COVID-19 Legislation Includes Retirement Plan Distribution, Loan, and Required Minimum Distribution Relief

EBIA  

EBIA  

Coronavirus Aid, Relief, and Economic Security Act, Pub. L. No. 116-136 (2020)

Available at https://www.congress.gov/116/bills/hr748/BILLS-116hr748enr.pdf

Congress has passed, and the President has signed, the Coronavirus Aid, Relief, and Economic Security Act (CARES Act) to provide emergency economic relief in response to the COVID-19 pandemic. That relief includes greater access to retirement plan distributions and loans, and a one-year waiver of the Code’s required minimum distribution rules. Here are highlights for 401(k) plans:

  • Distributions and Loans. The CARES Act expands access to retirement plan distributions and loans for qualified individuals who are diagnosed with coronavirus, whose spouse or dependent is diagnosed with coronavirus, or who experience adverse financial consequences due to certain virus-related events including quarantine, furlough, or layoff, having hours reduced, or losing child care.

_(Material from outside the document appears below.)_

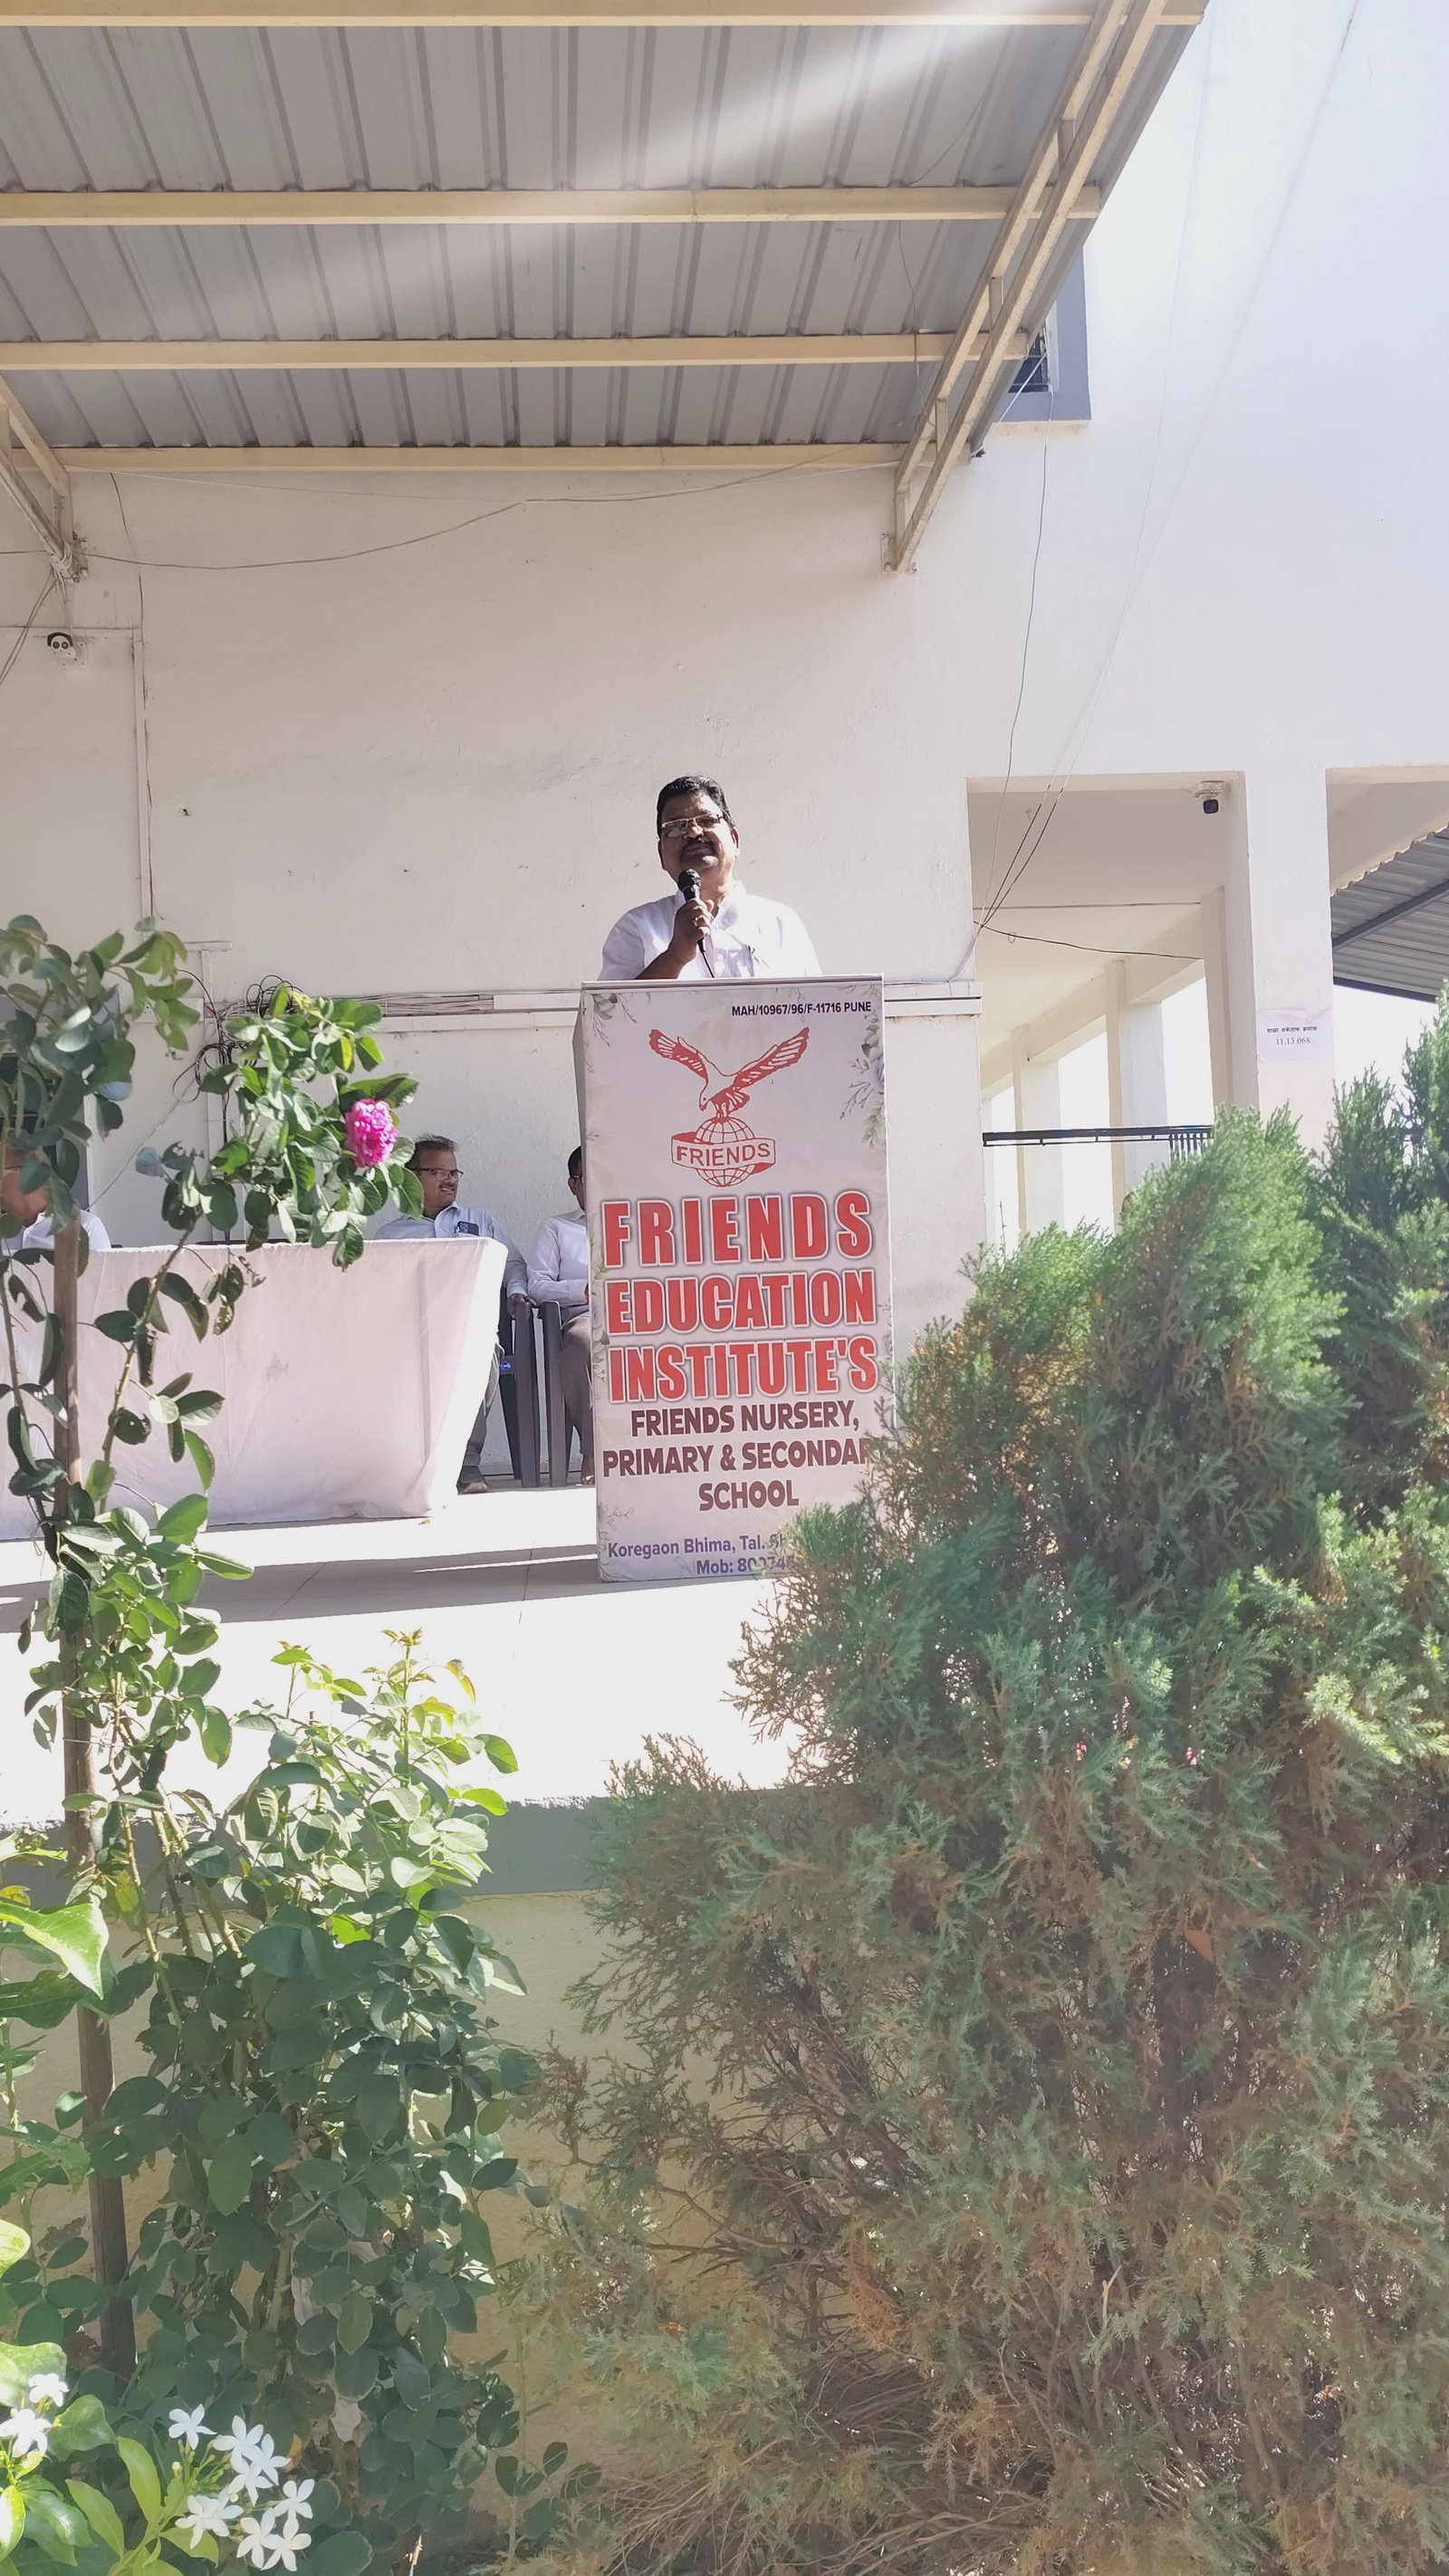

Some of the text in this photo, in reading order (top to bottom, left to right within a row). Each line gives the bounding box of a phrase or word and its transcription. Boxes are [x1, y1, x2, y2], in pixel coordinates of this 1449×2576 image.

    • Coronavirus-Related Distributions. Distributions taken by a qualified individual from an eligible retirement plan (including a 401(k) plan) on or after January 1, 2020, and before December 31, 2020, are considered “coronavirus-related distributions” to the extent they do not exceed $100,000 in the aggregate. These distributions are not subject to the 10% penalty tax under Code § 72(t), are treated as satisfying certain distribution restrictions (including the restrictions applicable to elective deferrals under a 401(k) plan), and are exempt from some other distribution-related rules, including 20% withholding and the Code § 402(f) notice requirement.
    • Taxation. Coronavirus-related distributions, to the extent taxable, are treated as income received ratably over a three-year period unless the recipient elects otherwise.
    • Repayment. During the three-year period after a coronavirus-related distribution, the recipient can contribute up to the full amount of the distribution to an eligible retirement plan as if the contribution were a timely rollover of an eligible rollover distribution.
    • Increased Limit for New Plan Loans. Qualified individuals may take plan loans up to the lesser of $100,000 (instead of the usual $50,000) or 100% (instead of the usual 50%) of their vested account balance. Eligible loans must be taken during the 180-day period beginning on the date of the law’s enactment (i.e., no later than September 22, 2020).
    • Delayed Repayment for Existing Loans. Qualified individuals with an existing loan may delay for one year any loan payments coming due during the period from the Act’s enactment through December 31, 2020. [EBIA Comment: The Act says the due date for loan repayments during that period “shall” be delayed, so that aspect of the law does not appear to be optional.]
    • Plan Amendments. Plans generally may be amended retroactively for the distribution and loan provisions as late as the last day of the first plan year beginning on or after January 1, 2022, so long as the plans are operated as if the amendments were in effect from their effective date. Government plans have two additional years to amend.
  • Required Minimum Distributions. The CARES Act includes a temporary waiver of the Code § 401(a)(9) required minimum distribution rules for specified defined contribution plans (including 401(k) plans) for calendar year 2020. The waiver applies to distributions for 2020 and to distributions for 2019 that were due by a required beginning date in 2020 (and not paid in 2019). The waiver will not alter a participant’s required beginning date for purposes of applying the minimum distribution rules in future years.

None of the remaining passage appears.